Беззубый рот был безобразен, и осенью он пошел к зубному врачу вставить себе золотые зубы. Зубной врач оказался выходцем из России и даже уроженцем того же города, где родился Миша. Миша рассказал ему, как они с приятелями дурачили на бульваре прохожих, и зубной врач очень смеялся — юность его прошла на том же бульваре. Он сказал Мише, что, прежде чем вставить новые челюсти, нужно удалить оставшиеся в деснах корни зубов. Это было очень больно, по Миша согласился. Каждые пять дней он приходил к зубному врачу, и тот вырывал ему несколько корней. К новому 1918 году два ряда золотых зубов сияли у него во рту.

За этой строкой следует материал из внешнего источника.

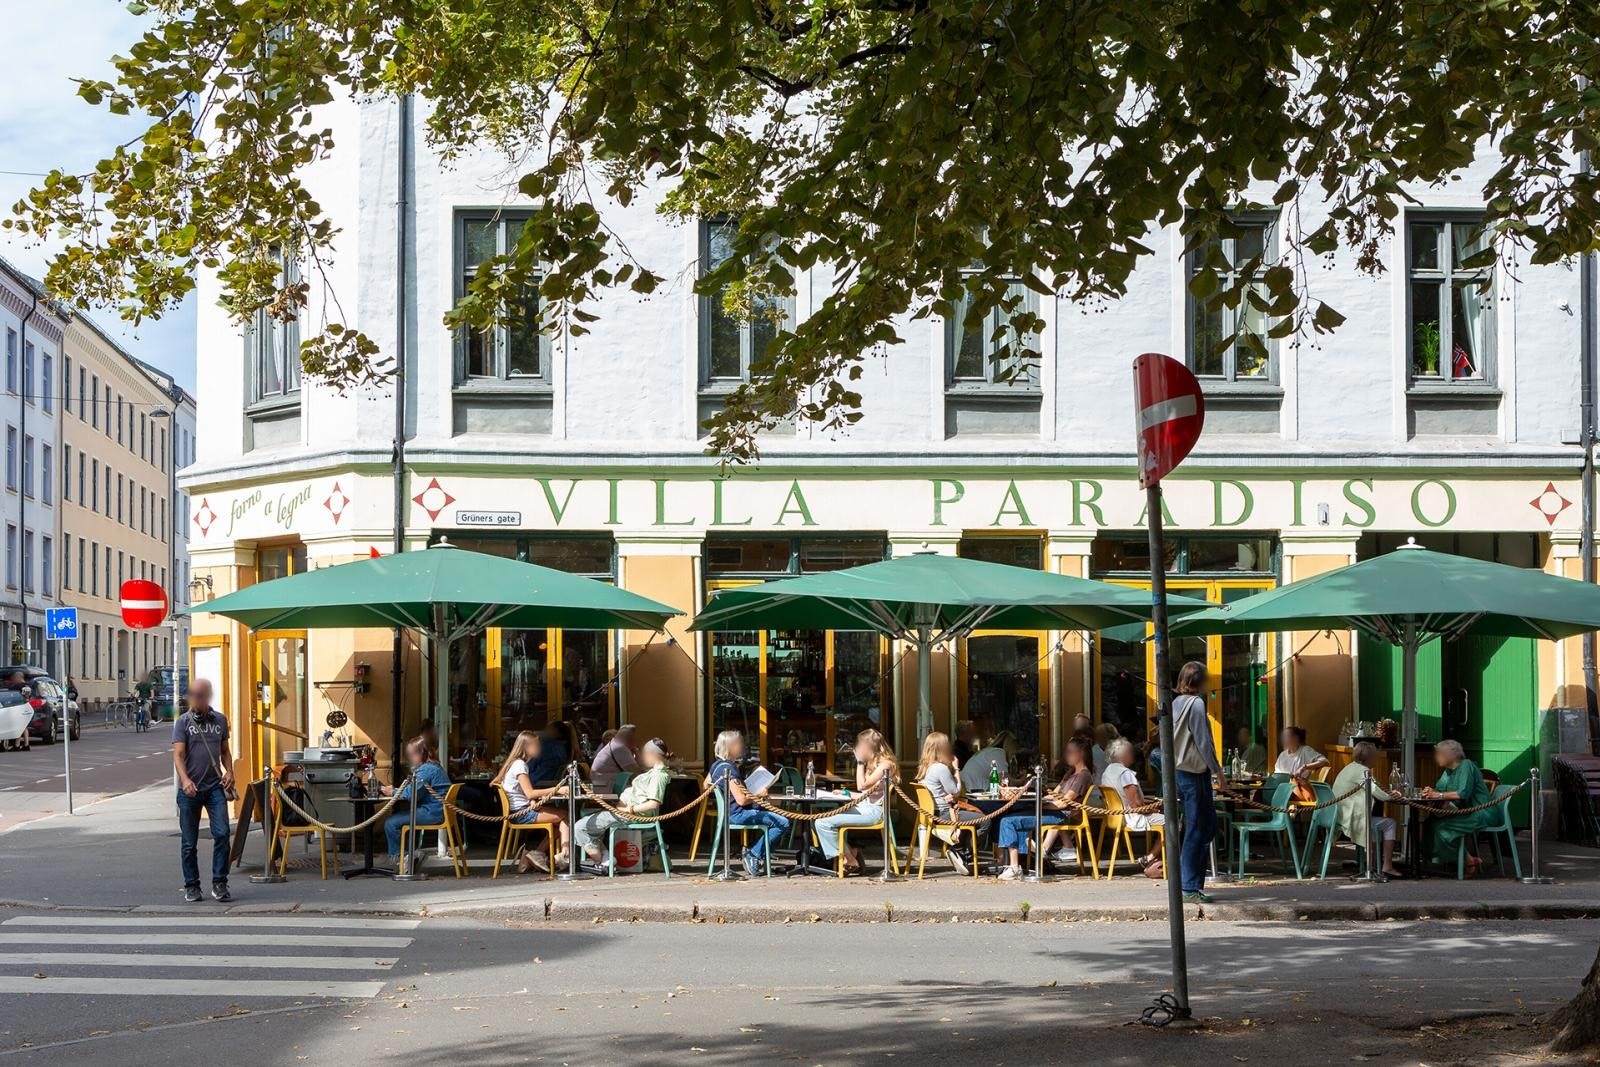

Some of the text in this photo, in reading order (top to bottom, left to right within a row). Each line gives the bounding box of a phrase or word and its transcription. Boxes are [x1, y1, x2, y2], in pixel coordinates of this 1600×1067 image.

[226, 484, 312, 538] forno a legna
[460, 512, 516, 525] Grüners gate
[534, 478, 1457, 528] VILLA PARADISO
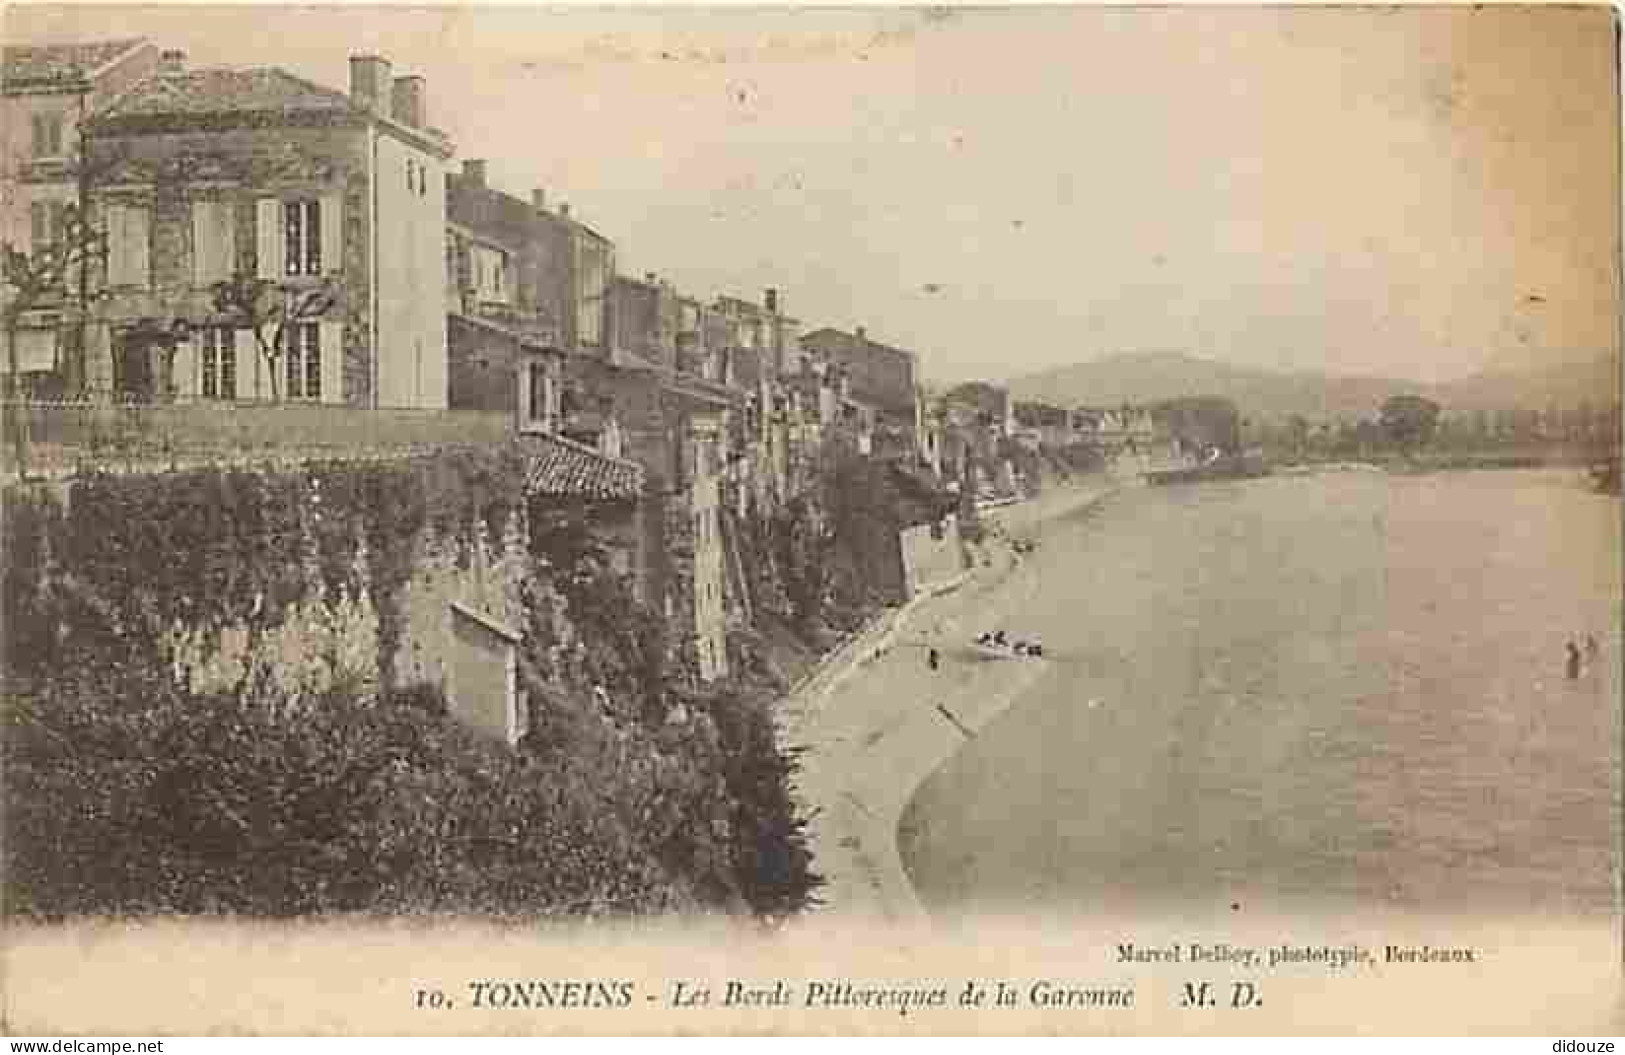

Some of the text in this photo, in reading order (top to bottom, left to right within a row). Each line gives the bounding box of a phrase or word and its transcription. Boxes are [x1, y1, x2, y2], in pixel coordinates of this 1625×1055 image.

Под персидским солнцем они сияли так ярко, эти зубы, что всякий, разговаривая с Мишей, невольно жмурился. Миша был доволен, несмотря на то, что зубной врач взял с него почти четверть его состояния.

Получив зубы, Миша стал осторожно приглядываться к делам, искать применения своим капиталам. В Тегеране было немало русских дельцов, и постепенно ему удалось с ними познакомиться. Его полюбили, так как он был шутник и так как догадывались, что у него есть деньги. И мало-помалу он начал принимать участие в некоторых делах и комбинациях.

Но служба в лагере военнопленных испортила его воображение. Ему не правились медленные сложные торговые дела, дающие ничтожный доход, он не был приспособлен к ним. Ему хотелось стремительной удачи.

Однако такая удача не подвертывалась.

Он прожил в Тегеране целый год, покупая и продавая всякий грошовый вздор, но удачи не было, и деньги его таяли. Он бросил Тегеран, и поехал по Персии, торгуя полисами страховых обществ. Но глиняные дома персов не боялись пожара, и полисов никто не брал. Деньги его таяли. Он радовался только слухам о гражданской войне в России,— пусть окончательно истребятся все следы его краж.

Нищая Персия томила его. Он покинул ее и переехал сначала в Багдад, где стояли тогда английские войска, потом, через несколько месяцев, в Сирию, захваченную в то время Францией. В Александретте он выдал себя за представителя врангелевского правительства и начал продавать разные русские бумаги. Это была великолепная идея, и Миша воспрянул духом. Но, к несчастью, в Сирии появились настоящие представители врангелевского правительства и разоблачили его. Миша бросил Сирию и переехал в Палестину.